• Por Antonio Méndez

Crítica

Primer disco en solitario del miembro del muy aprovechable dúo blues-rock y garage-rock The Black Keys.

En este primer álbum como solista Dan Auerbach retiene sus raíces blues, ofreciendo también trazos soul, funk, folk, rock y gospel en piezas con sonidos tanto acústicos como eléctricos, por lo general tempos lentos de tono quejoso.

Las influencias en este trabajo van de los maestros negros del blues de Chicago a Led Zeppelin, Cream, Hendrix, Otis Redding o James Brown.

En “Troube Weighs a Ton”, balada acústica blues-folk a lo Leadbelly con rasgos también gospel, anima a tener fe y esperanza ante los problemas diarios.

El tema cuenta con armonías vocales de James Quine y empieza de forma bastante tranquila y emocional el álbum.

dan-auerbach-fotoLas guitarras eléctricas, un órgano y un fuzz bass suenan en la sinuosa pieza “I Want Some More”, una versión de Wayne Carson Thompson, el autor original de “Always On My Mind” (entre otras) que es ejecutado con corrección como blues-rock a lo Led Zeppelin con trazas de Hendrix.

Dan aporta cierta sensualidad en el tono y se muestra entusiasmada con su amante, todo lo que tiene le gusta e incluso quiere mas. Qué codicioso…

“Heartbroken, In Disrepair” es uno de los mejores temas del álbum. Trémula guitarra, armonías vocales, hipnótico riff. Quieren buscar la luz, le pide perdón a Dios… Es una notable canción de blues-rock psicodélico que no quedaría mal en un bonus track de la Jimi Hendrix Experience o en un álbum de Cream, Iron Butterfly o Vanilla Fudge.
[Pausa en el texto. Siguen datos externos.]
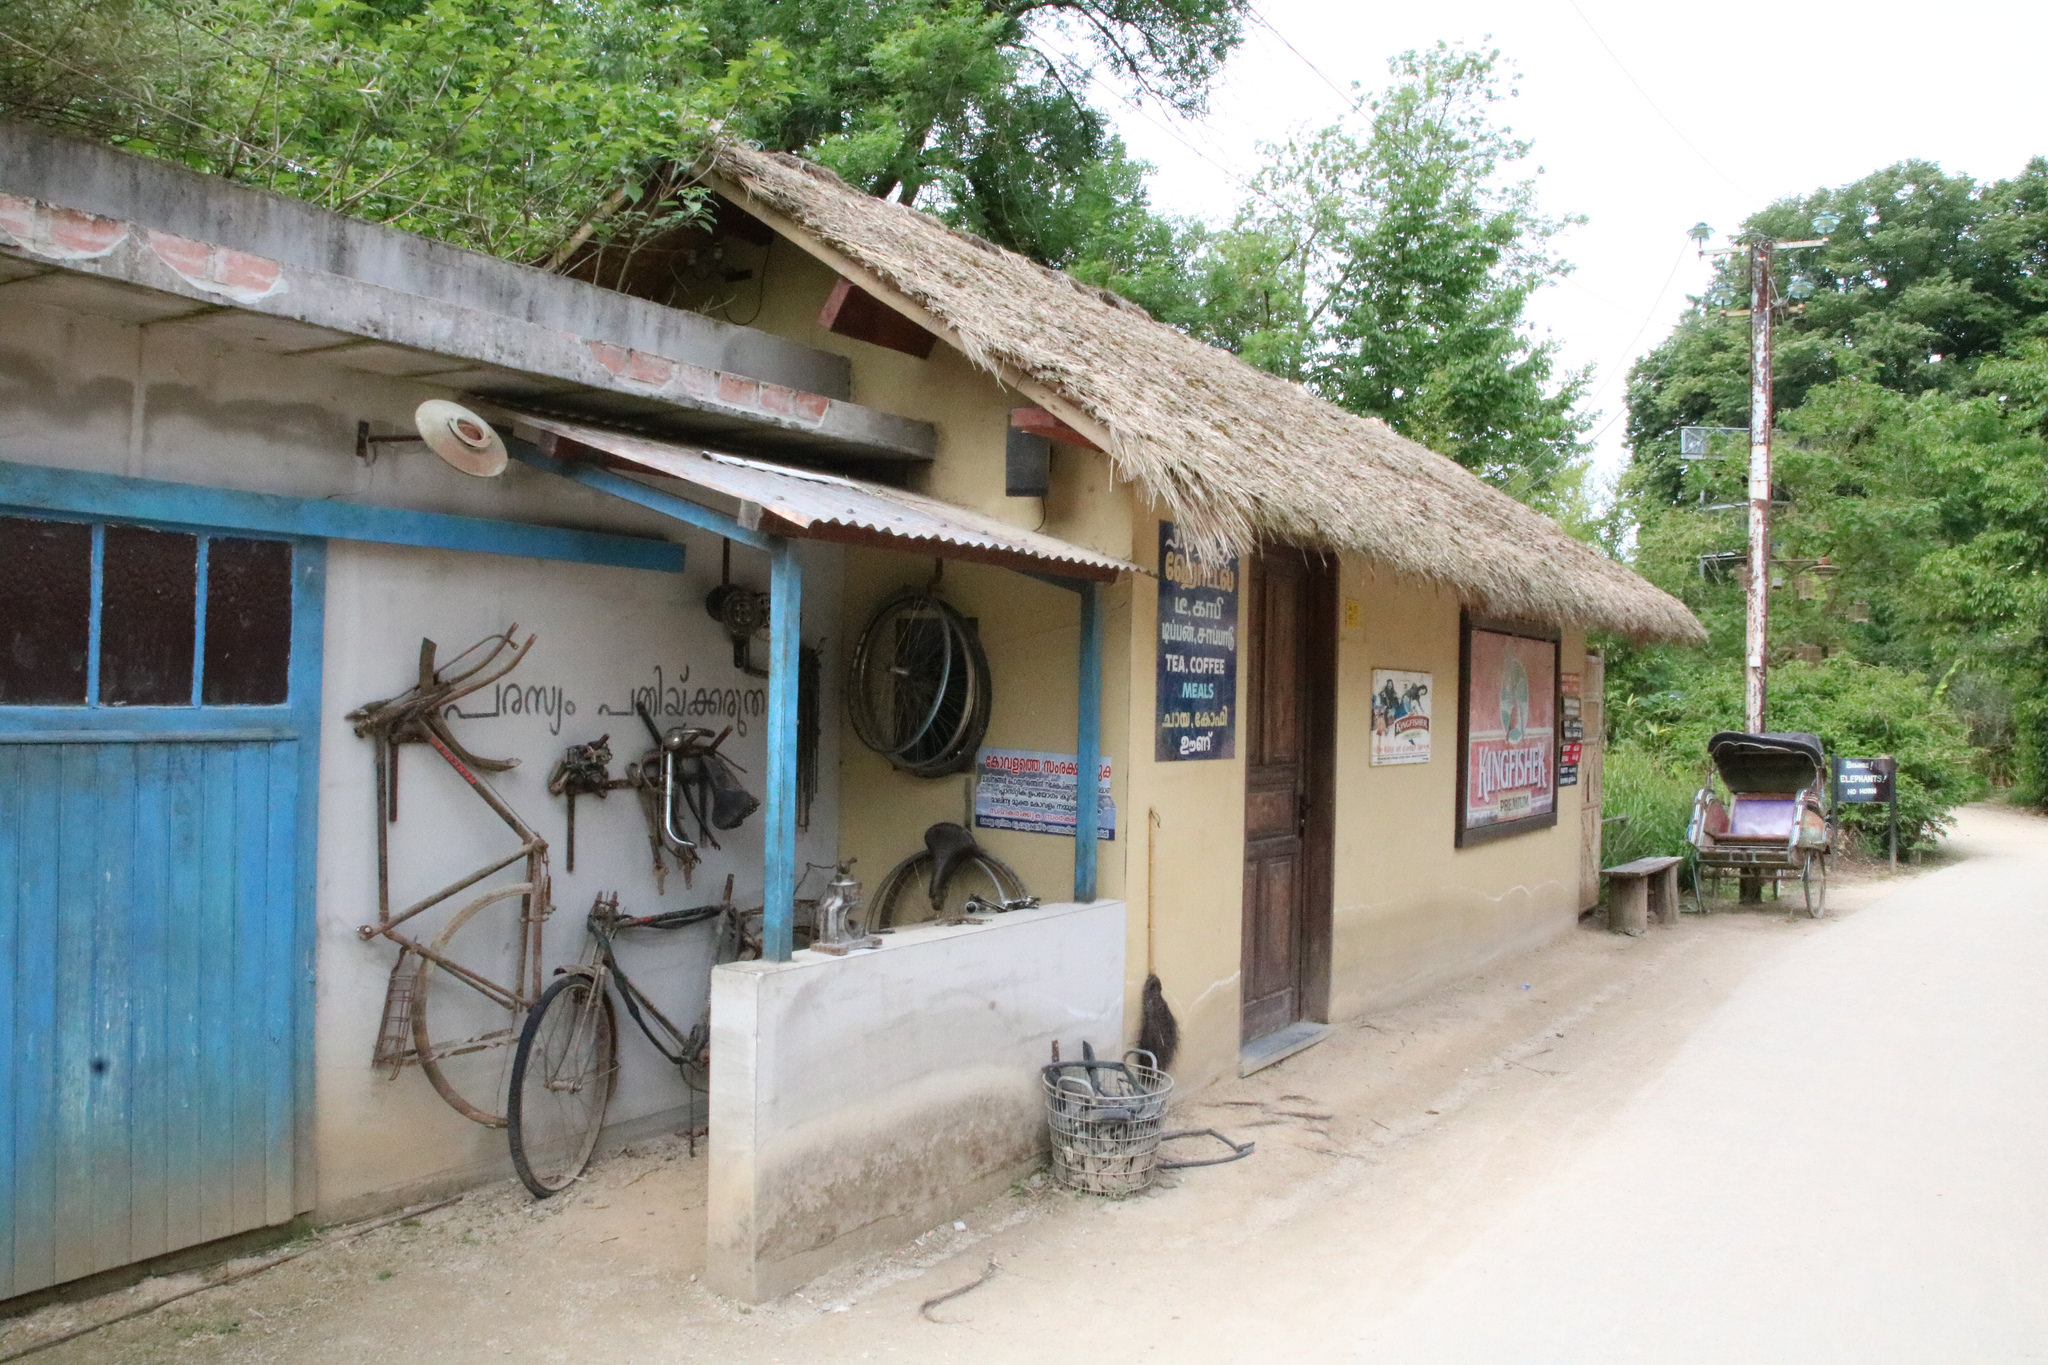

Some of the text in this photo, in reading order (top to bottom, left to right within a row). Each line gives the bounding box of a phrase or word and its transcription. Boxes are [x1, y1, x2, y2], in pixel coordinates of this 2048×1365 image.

[1190, 656, 1225, 675] COFFEE
[1182, 682, 1214, 699] MEALS
[443, 683, 577, 735] പരസ്യം
[985, 755, 1041, 775] കോവളത്തെ
[1477, 743, 1547, 803] KINGFISHER
[1500, 795, 1530, 812] PREMIUM
En la balada “Whispered Words” Auerbach interpreta emocionalmente una quejosa y memorativa canción soul-funk que podría firmarla el mismísimo James Brown, mientras que Otis Redding podría bendecir “Real Desire”, balada soul-gospel con sutil sonido fuzz.

“When The Night Comes”, con una letra que sublima el sueño y la noche como olvido de los problemas, tiene una bonita melodía, una guitarra acústica folk abarrocada, sintetizadores que imitan cuerdas y una ejecución vocal que mezcla a Van Morrison con Ben E. King. Demasiado derivativo.
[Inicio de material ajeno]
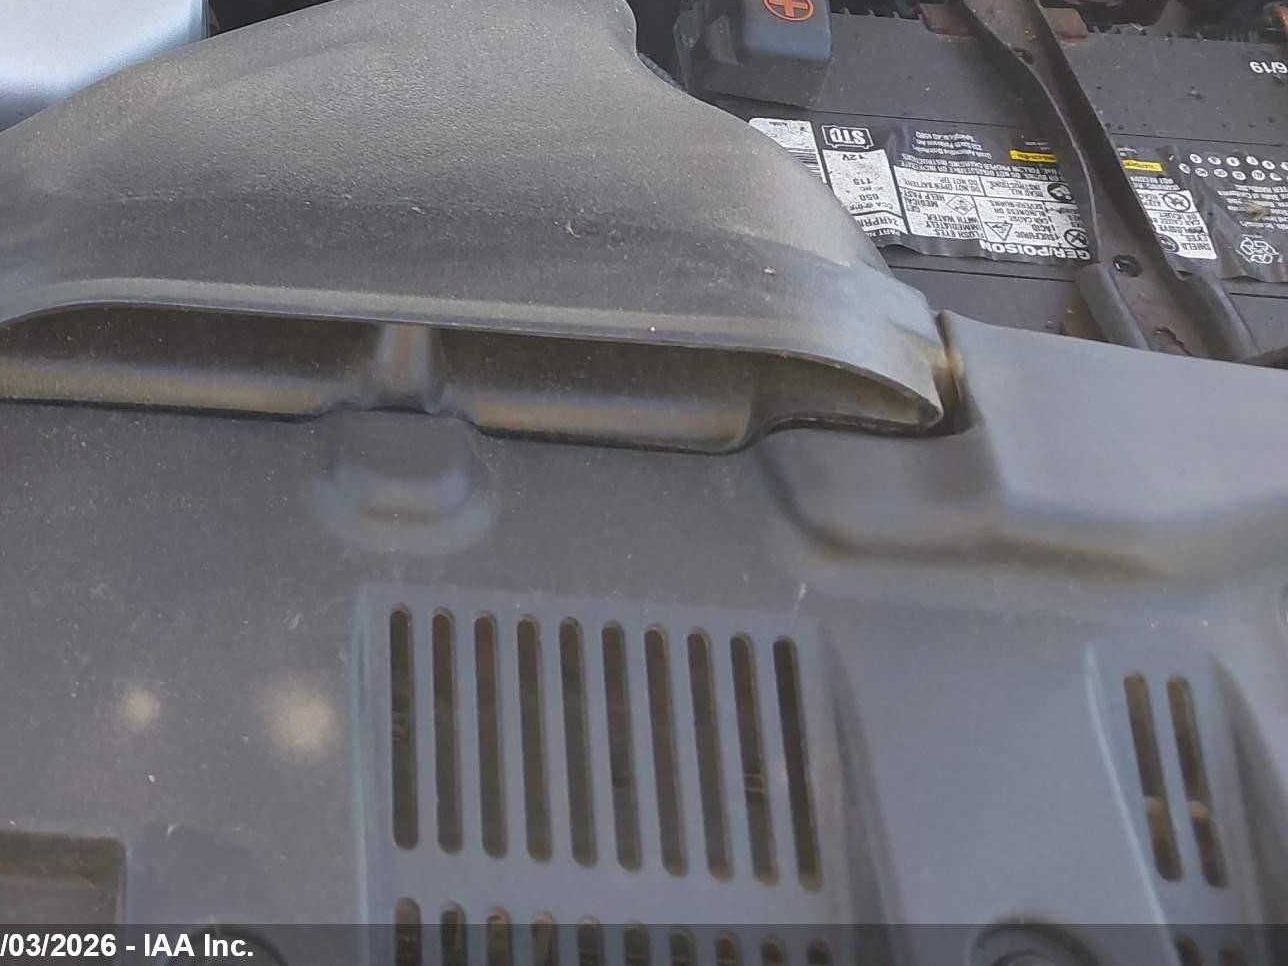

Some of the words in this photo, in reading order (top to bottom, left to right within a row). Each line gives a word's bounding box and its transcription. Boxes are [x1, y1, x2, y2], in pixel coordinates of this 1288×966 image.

En “Mean Moonson”, ruptura con triángulo amoroso, suena una curiosa mezcla reggae con R&B a lo Bo Diddley, mientras que el soul-funk regresa con “The Prowl”, tema con riff blues-rock de leve distorsión y percusión prominente en un texto de obsesión por una mujer en tonos oscuros. No está mal este “The Prowl”.

“Keep It Hid”, la canción que titula el álbum, es un blues-rock agarajeado tipo Black Keys-White Stripes que no termina de excitar a pesar de un buen solo guitarrero.

El medio tiempo “My Last Mistake” es un mejunje que combina con un enfoque demasiado FM a la Creedence con los Allman Brothers y Lynyrd Skynyrd.

El gospel-blues con banjo suenan en la intrascendente “When I Left The Room”. El texto de un callejero con rasgos psicóticos de “Streetwalkin’” se adorna con un riff a lo Jimmy Page y pasajes guitarreros wah wah hendrixianos, y “Goin’ Home” es un tema tópico de nostalgia hogareña con melancolía del errante. A pesar de la rutina lírica no carece de valor melódico en su base country-folk.